The film focuses primarily on scenes of the filmmaker, Sophy Romvari, discovering never-before-seen photographs of her deceased brothers, which were taken and hidden by her father after their deaths. The film does not explicitly state how her brothers died, but explores the filmmaker's and her family's feelings of grief in the aftermath.

Made as her thesis project while she was pursuing her MFA in film at York University, the film explores her family's unresolved grief over the deaths of her two older brothers through the process of digitizing a box of old films, photographs and undeveloped photographic negatives of them throughout their lives.

== Release ==
After screening on the film festival circuit, Still Processing was released on the streaming service Mubi in 2021, and subsequently on The Criterion Collection's streaming platform in 2022 as part of a collection focusing on Romvari's short film work.

==Critical response==
The film was positively reviewed by critics. Adam Nayman of Cinema Scope wrote that "Romvari’s instinct (and ability) to compose beautiful frames as containers around her ideas is of a piece with her previous work, but in Still Processing, the recessive, strategically mediated melancholy of the earlier shorts has been replaced with (or perhaps given way to) a more untrammelled emotional affect," while Alina Faulds of Flipscreen wrote that "Sophy Romvari shows brave filmmaking with her willingness to document her grief on screen. She holds nothing back, telling the viewers about the love she has for her lost brothers and even going so far as to capture one of her panic attacks. Still Processing is a tender portrait of empathy; Romvari grieves and forces the audience to grieve along with her. As she visits each photograph and memory she is giving herself permission to heal. Vulnerability is one of the greatest strengths an artist can have and with a film like Still Processing, vulnerability is necessary."
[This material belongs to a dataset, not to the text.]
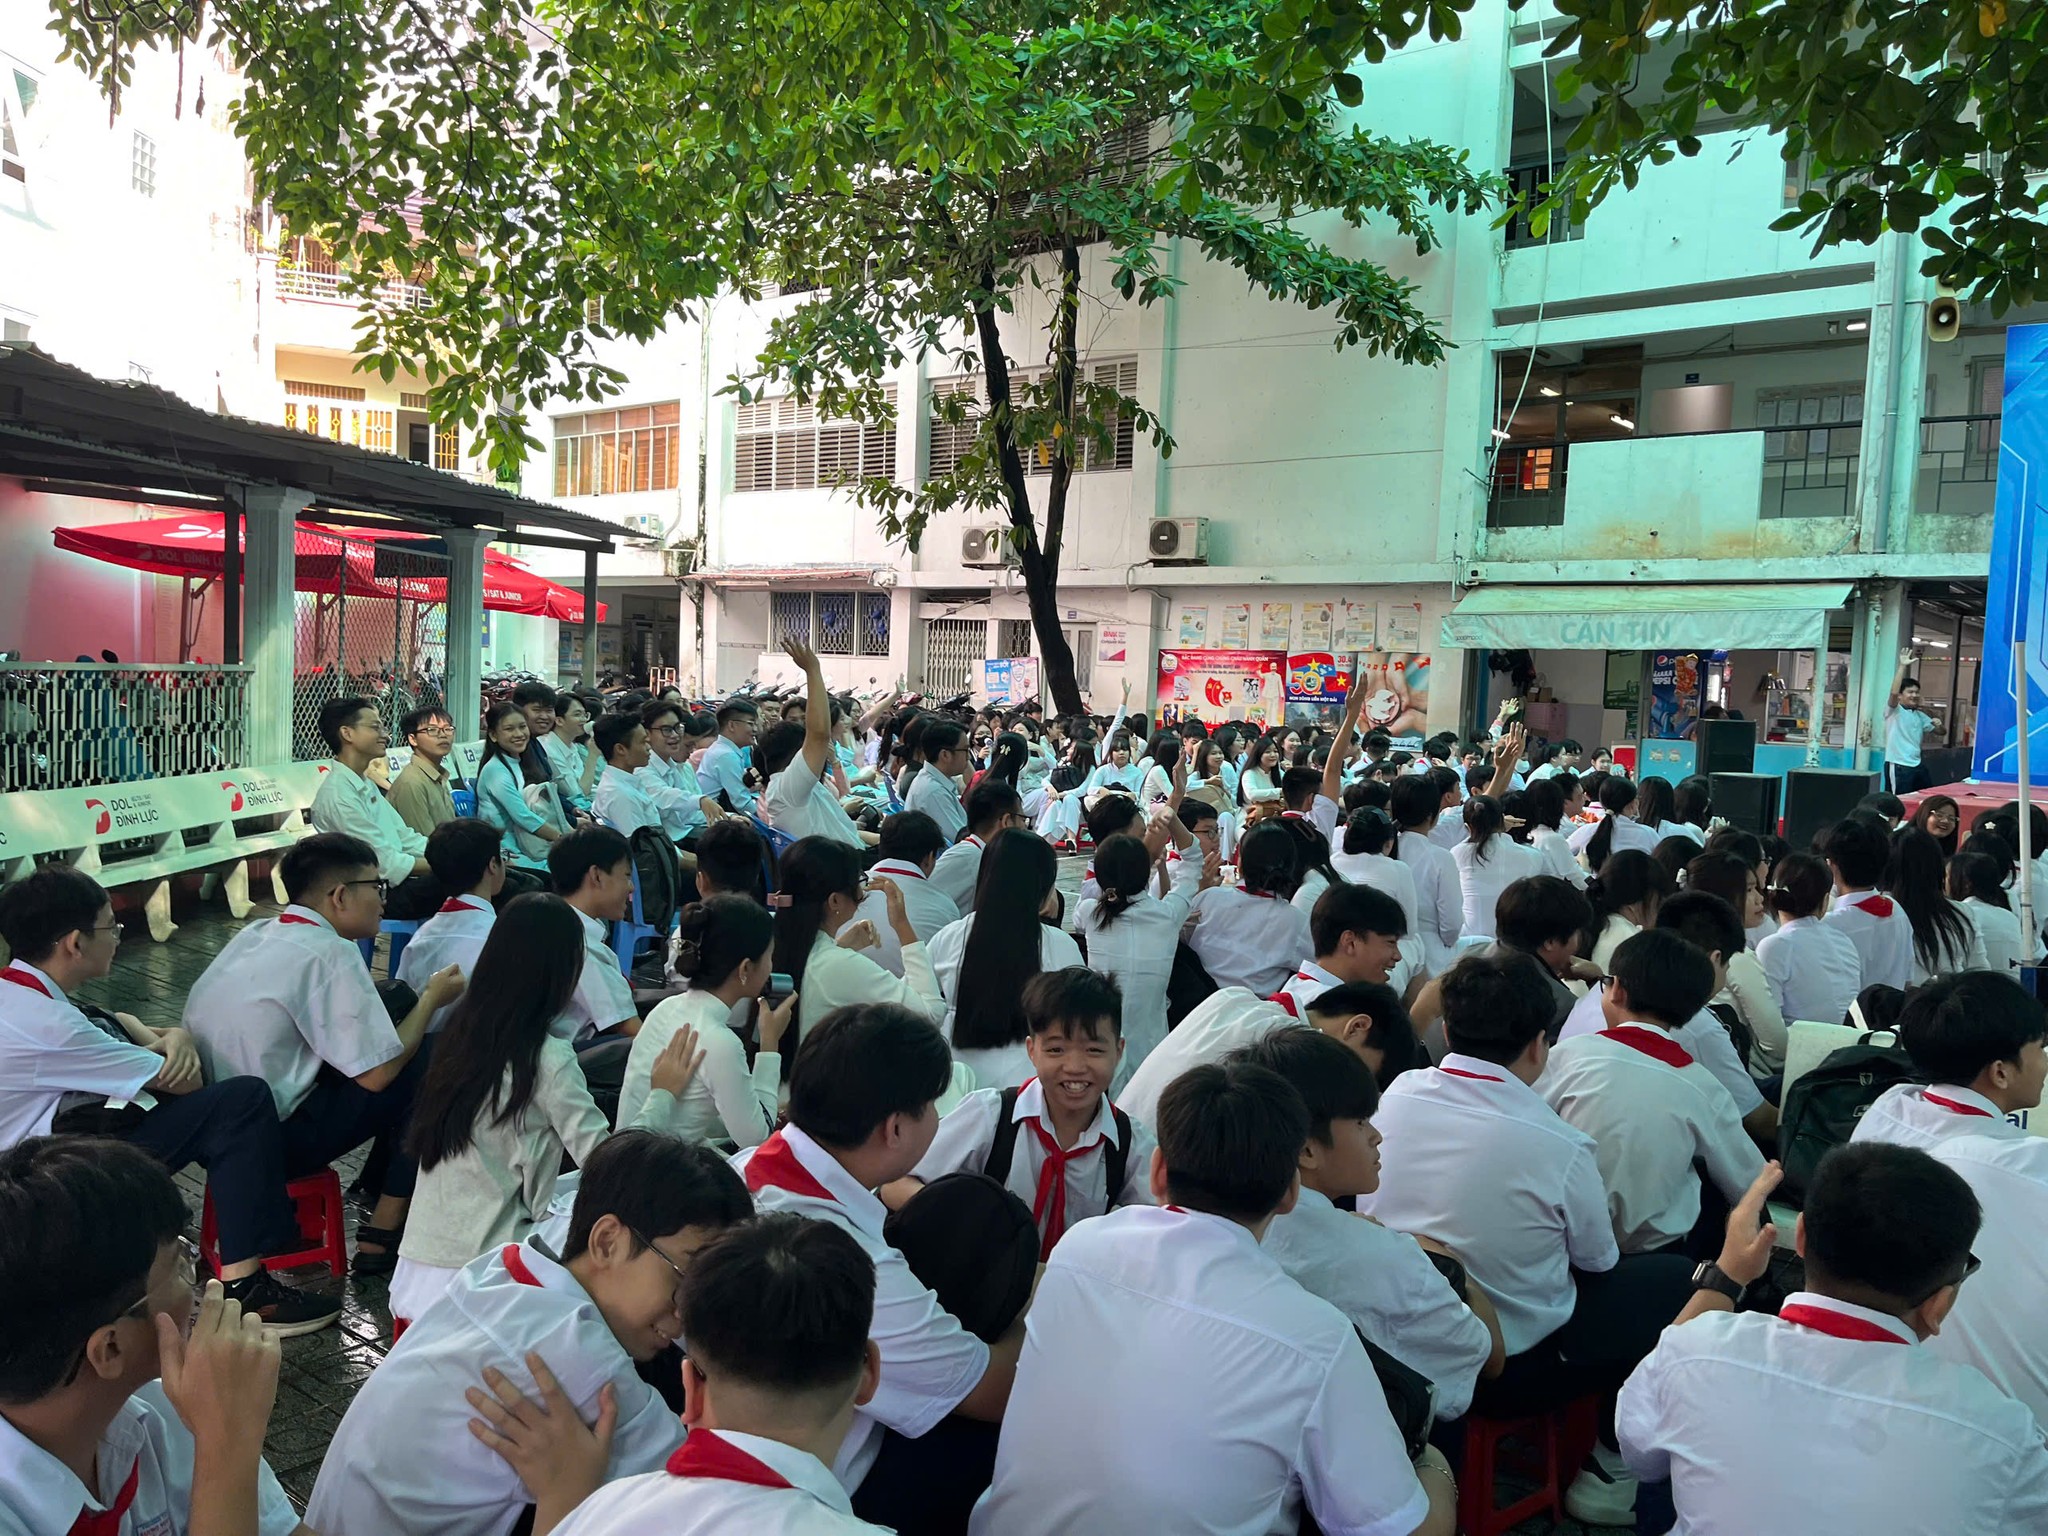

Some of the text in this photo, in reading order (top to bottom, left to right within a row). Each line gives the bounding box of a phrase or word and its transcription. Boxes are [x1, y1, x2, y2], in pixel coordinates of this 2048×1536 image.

The film is also notable for going viral online through the film-focused social media website Letterboxd.

==Awards==
Still Processing won awards on the film festival circuit, including the Audience Choice Award for Best Documentary Short at Indie Memphis and the Innovative Voice Award at the Diversions Film Festival in Croatia. The film also received a Canadian Screen Award nomination for Best Short Documentary at the 10th Canadian Screen Awards in 2022.